The British model admitted being given a pouch of rough stones at a party that she presumed were from Taylor. That testimony may prove he is lying when he says he never handled gemstones. Lohan, meanwhile, tweeted a NEWSWEEK story about Sakineh Mohammadi Ashtiani, a 43-year-old mother of two who faced imminent stoning in Iran on dubious adultery charges. The starlet, who was facing jail time for violating parole on a DUI charge, was criticized because many thought she was comparing her situation to Ashtiani's.

And that's just this summer. These are by no means the only A-listers to warp death and destruction into tabloid fodder. George Clooney, Matt Damon, Don Cheadle, and others threw their wattage into highlighting the violence in Darfur in 2006.

Sean Penn is as ubiquitious in disaster zones as foil blankets. He sees it, he has said, as his duty as a human being to wield his star power to scythe through injustice and misery the world over. He's been almost everywhere, from post-Katrina New Orleans to Tehran and, yes, Haiti.

That unfortunate country has had more celebrity visits than Larry King. John Travolta caused a stir in the weeks after the quake struck when he allegedly was allowed to land a plane full of Scientologists in Port-au-Prince, ahead of more orthodox charities, to try and heal the wounded with special massages and vitamin pills. Many locals reportedly were less than pleased that yellow-T-shirt-wearing "volunteer ministers" were attempting to treat serious injuries with "touch therapy" and L. Ron Hubbard literature.

But Wyclef Jean has beaten them all. Born just outside Port-au-Prince, he left as a child and was raised and groomed into a full-fledged Fugee in Brooklyn. Jean, who has always called Haiti his homeland, visited the island after the earthquake, and organized events to raise a reported $9 million for earthquake relief through his charity, Yele Haiti. And then it emerged, via the  Smoking Gun Web site, that funds had allegedly been misspent on performance fees for Jean and on buying airtime on a TV station the star had a stake in. And then he announced that he would seek to take over from term-limited President René Preval by running in November's election. And then The Smoking Gun revealed that he owes $2 million in back taxes. And then questions were raised as to whether Jean, who has an American passport, even qualifies as a candidate. And finally (for today), Sean Penn called aspects of Jean's run for office obscene, completing some kind of celebrity intervention circle.

It is easy to mock celebrities with a conscience (South Park creators Trey Parker and Matt Stone did just that in their satire Team America: World Police back in 2004), not to mention those like Campbell who don't appear to have one.
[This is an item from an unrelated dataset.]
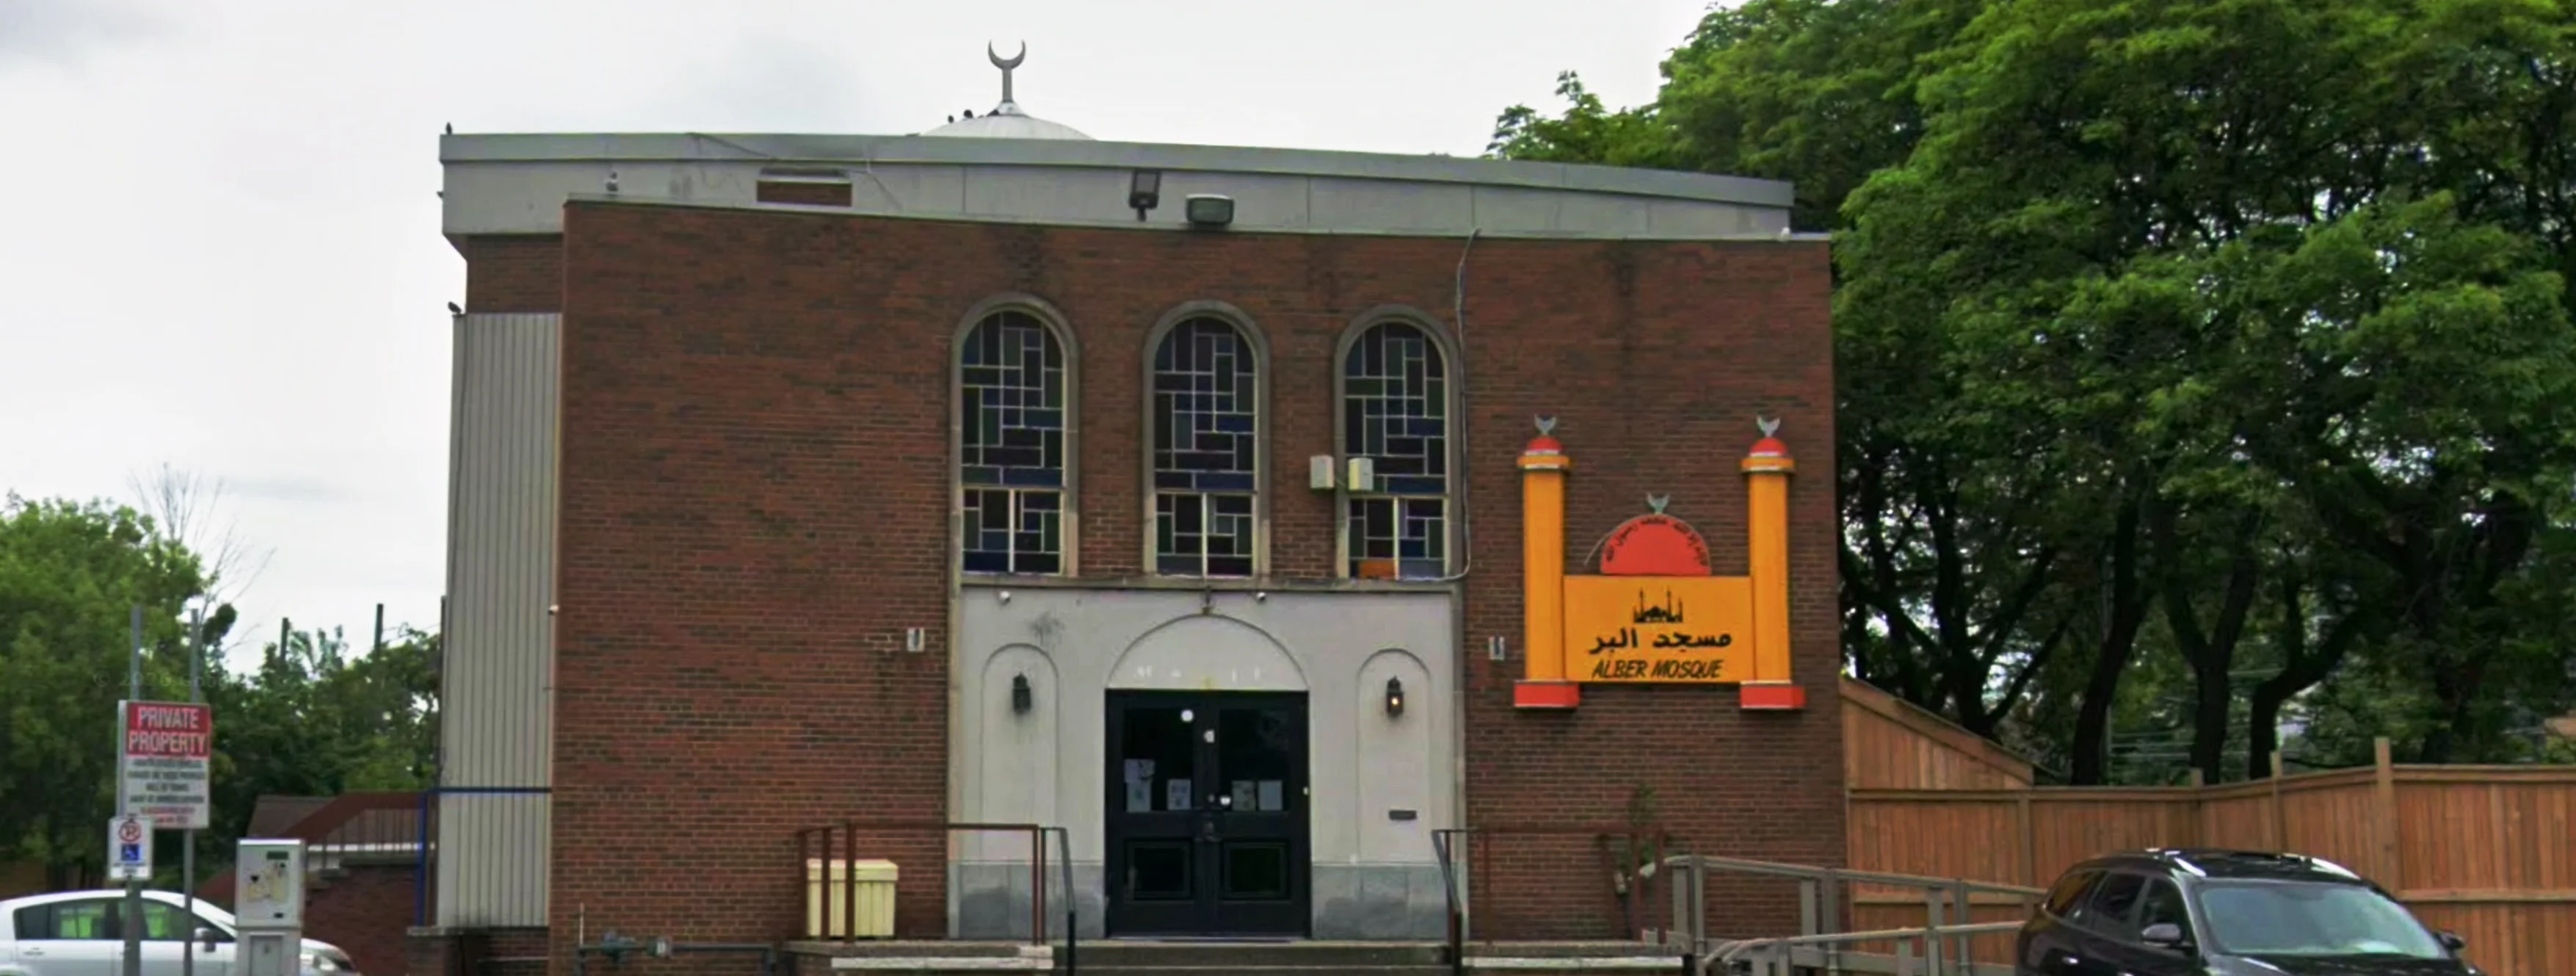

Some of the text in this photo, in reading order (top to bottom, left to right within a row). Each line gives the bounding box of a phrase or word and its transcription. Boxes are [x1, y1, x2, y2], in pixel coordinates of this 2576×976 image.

But however they get involved in important news, it seems most are neither the knights in shining armor they hope they are, nor the vapid resource-and-media hogs their detractors paint them as.

Lohan may have compared herself to a woman convicted of adultery in a flawed trial who faced being buried in the ground and slowly pummeled to death with rocks. But she has almost a million Twitter followers, who encouraged their friends in turn to get behind Ashtiani's cause. The Iranian woman was granted a reprieve largely, it is believed, because of international pressure. Wyclef may be underqualified to run a struggling nation. But it seems unlikely we'd be talking about that island's woes, which sadly now count as old news, were it not for his getting into a suit and tie and filing papers for November's election.

But despite the best efforts of George Clooney, a recent spate of violence in Darfur has gone mostly unreported. Why? Because, it seems, we're bored with that conflict. Even the sheen of star power can't help anymore. If and when Wyclef, Naomi, and Lindsay go back to their day jobs, the same will probably happen to Haiti, African war crimes, and Iranian human-rights abuses.